Ahora ya no puede pensar en nada más. No
puede más. Sus rodillas tiemblan, se cae. Pero sigue pensando en todo lo
sucedido. Recuerda y llora.
Se acuerda del momento en que la miró a los
ojos, fueron dos segundos, dos intensos segundos. En ese momento, estalló algo
inexplicable en su interior, algo que no cambiaría por nada en el mundo. Algo
en lo que ahora piensa. Alberto sonríe, sonríe al pensar en ello, sonríe al
pensar en su historia, la historia de ambos.
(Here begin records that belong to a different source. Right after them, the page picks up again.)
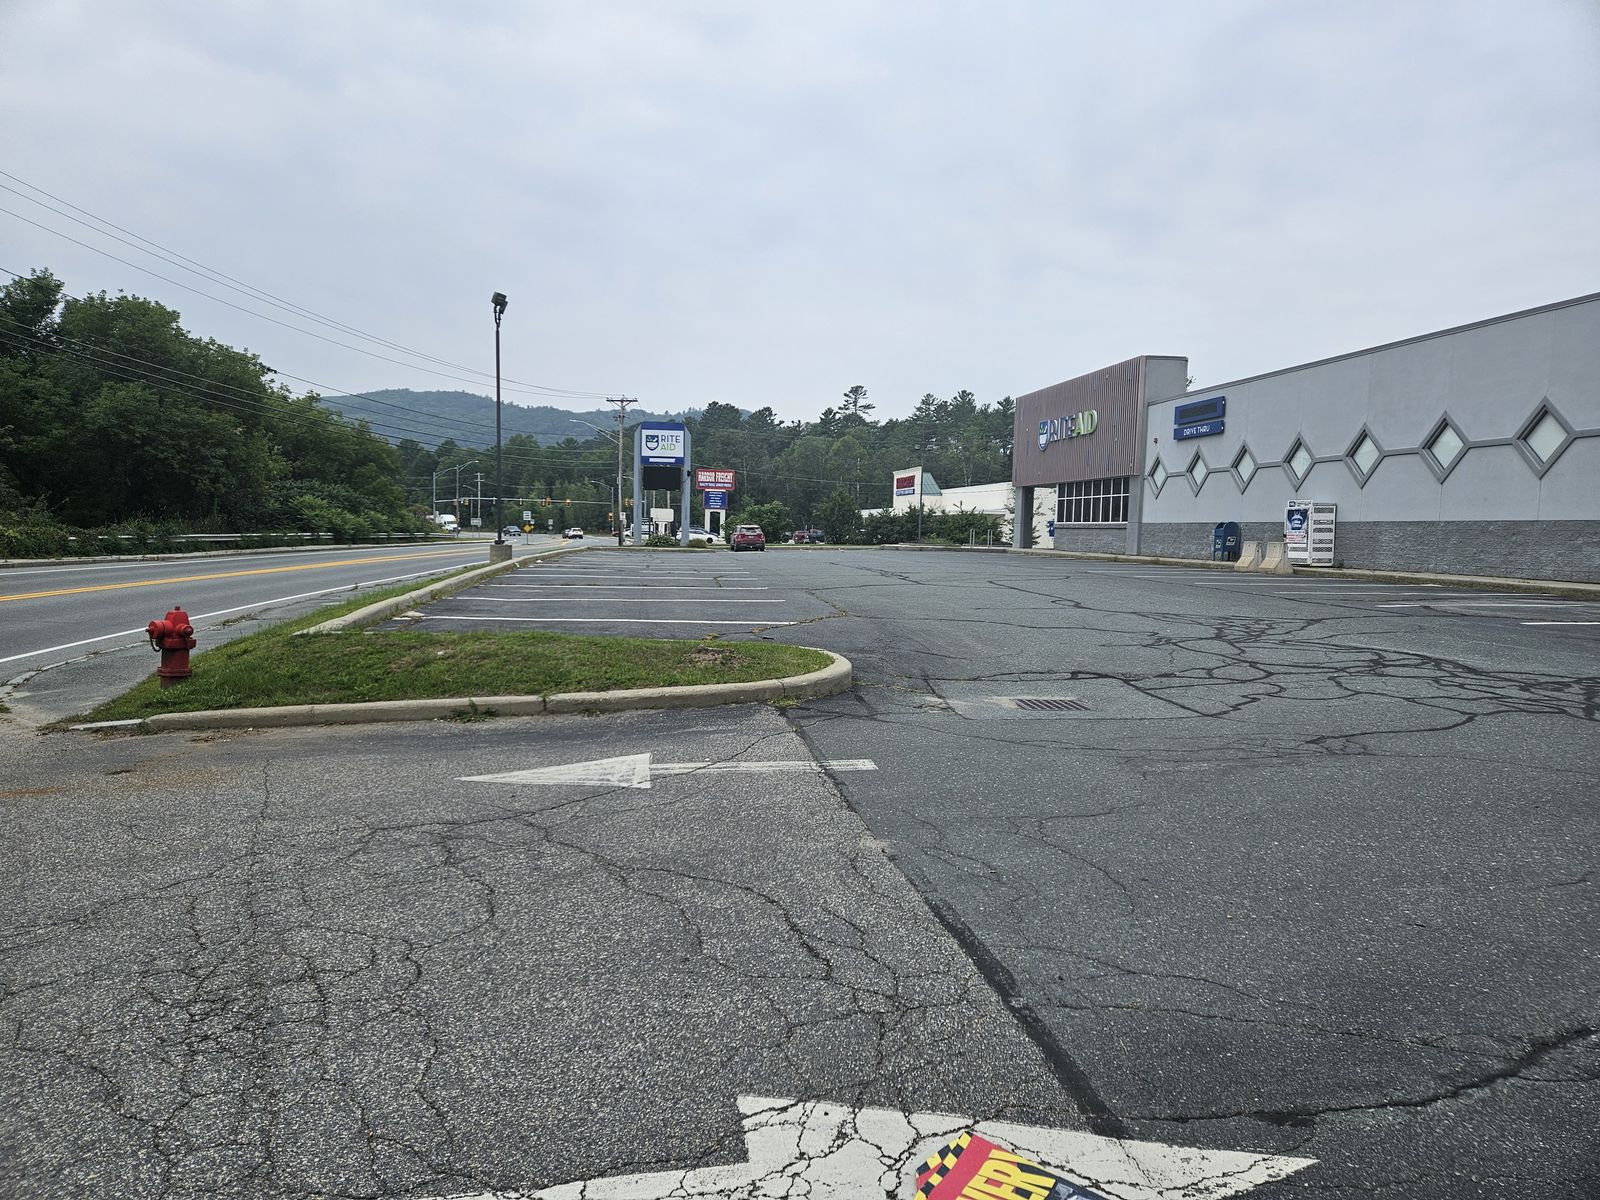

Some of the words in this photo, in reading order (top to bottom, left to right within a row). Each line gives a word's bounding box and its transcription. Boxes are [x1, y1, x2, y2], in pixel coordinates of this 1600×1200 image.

[1050, 415, 1076, 441] RITE
[1074, 410, 1098, 436] AID
[1184, 427, 1197, 436] DRIVE
[1197, 425, 1211, 434] THRU
[661, 435, 681, 443] RITE
[660, 443, 676, 451] AID
La historia de Mercedes y Alberto.
1940. Alberto era un joven de 18 años,
cuando decidió formar parte de la guerrilla, ser un guerrillero. Hace dos años,
Alberto pasó a ser un camarada de la república.
Cuando era más joven, su tío vivía en casa
con su familia. Había días que llegaba corriendo y se escondía en su
habitación. Otros días, ni siquiera llegaba. En aquella época, por la calle
solo se oían gritos y sollozos, si no, silencio. Cada vez que daban la alarma,
bajaban corriendo a esconderse al sótano del edificio. Armando, el tío de
Alberto, pocas veces bajaba. Estaba harto de tener que subir y bajar todo el
rato. Harto.
En el sótano se reunían las tres ancianitas
del segundo B, siempre con comida de sobra, por si acaso entraba el apetito.
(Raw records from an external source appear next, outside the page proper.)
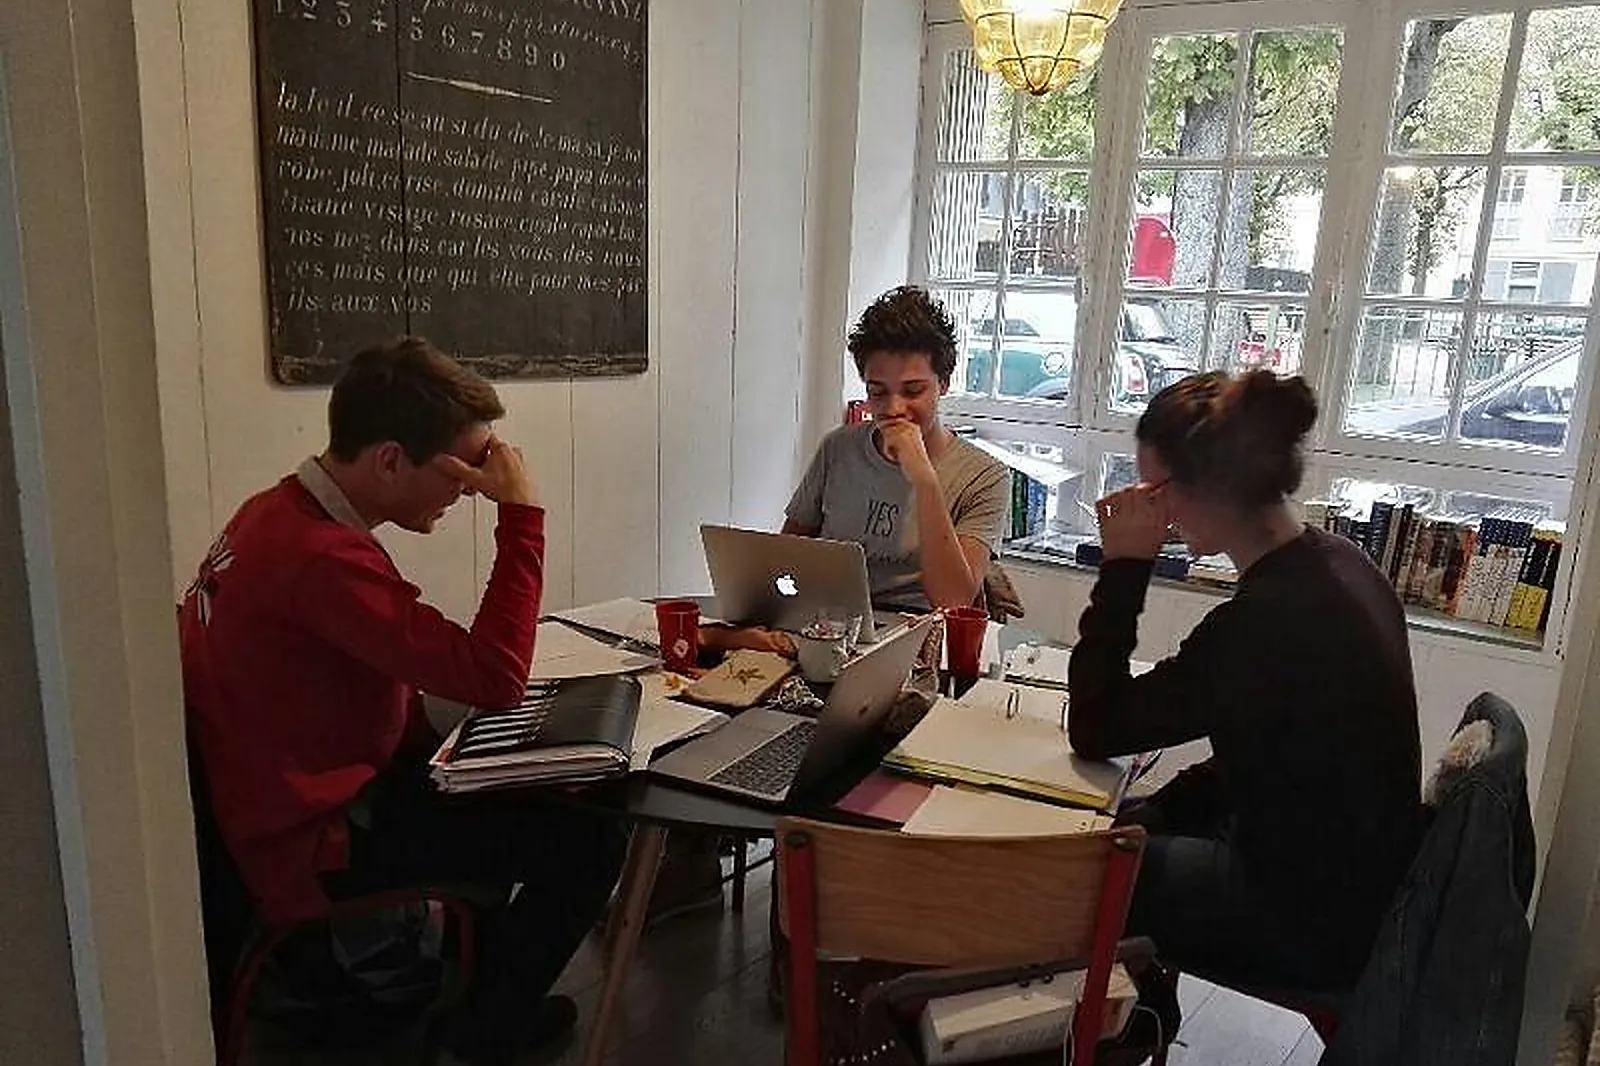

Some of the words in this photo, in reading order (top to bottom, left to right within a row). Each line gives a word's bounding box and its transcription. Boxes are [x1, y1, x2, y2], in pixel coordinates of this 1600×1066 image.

[410, 15, 423, 41] 5
[441, 24, 456, 48] 6
[471, 30, 485, 54] 7
[498, 38, 513, 61] 8
[524, 43, 538, 66] 9
[551, 50, 566, 71] 0
[863, 498, 900, 538] YES
Cocinaban ellas. Cuando empezó la guerra bajaban un par de platos cada una, pero
cada vez que se iba poniendo peor, empezaban a bajar solo un plato para las tres.
Al final, ni bajaban comida. También bajaban los Fernández, una familia que
vivía en el tercer piso. Felipe, el padre, era comunista, se llevaba muy bien
con Armando. Él tampoco bajaba mucho al sótano, pero un día, ya casi acabada la
guerra, la policía irrumpió en su casa y le arrestaron. Suerte que su esposa y
sus tres hijos no estaban en casa. Cuando volvieron, Armando se quedó al cargo
de ellos. Felipe lo habría querido, dijo. En el cuarto piso vivía la familia de
Alberto.
En
esos días de guerra, poco podía hacer Alberto. Ayudaba en la tienda de pasteles
de su madre, Jacinta, pero al poco tiempo se la cerraron, así que se pasaba el día
en casa. Se conocía todos los escondites de aquel viejo piso. Un día, encontró
unos papeles tricolores bajo la madera del suelo de armando. Armando se enfadó.
Se enfadó muchísimo. Al mes, le explicó a su sobrino qué era y por qué lo tenía.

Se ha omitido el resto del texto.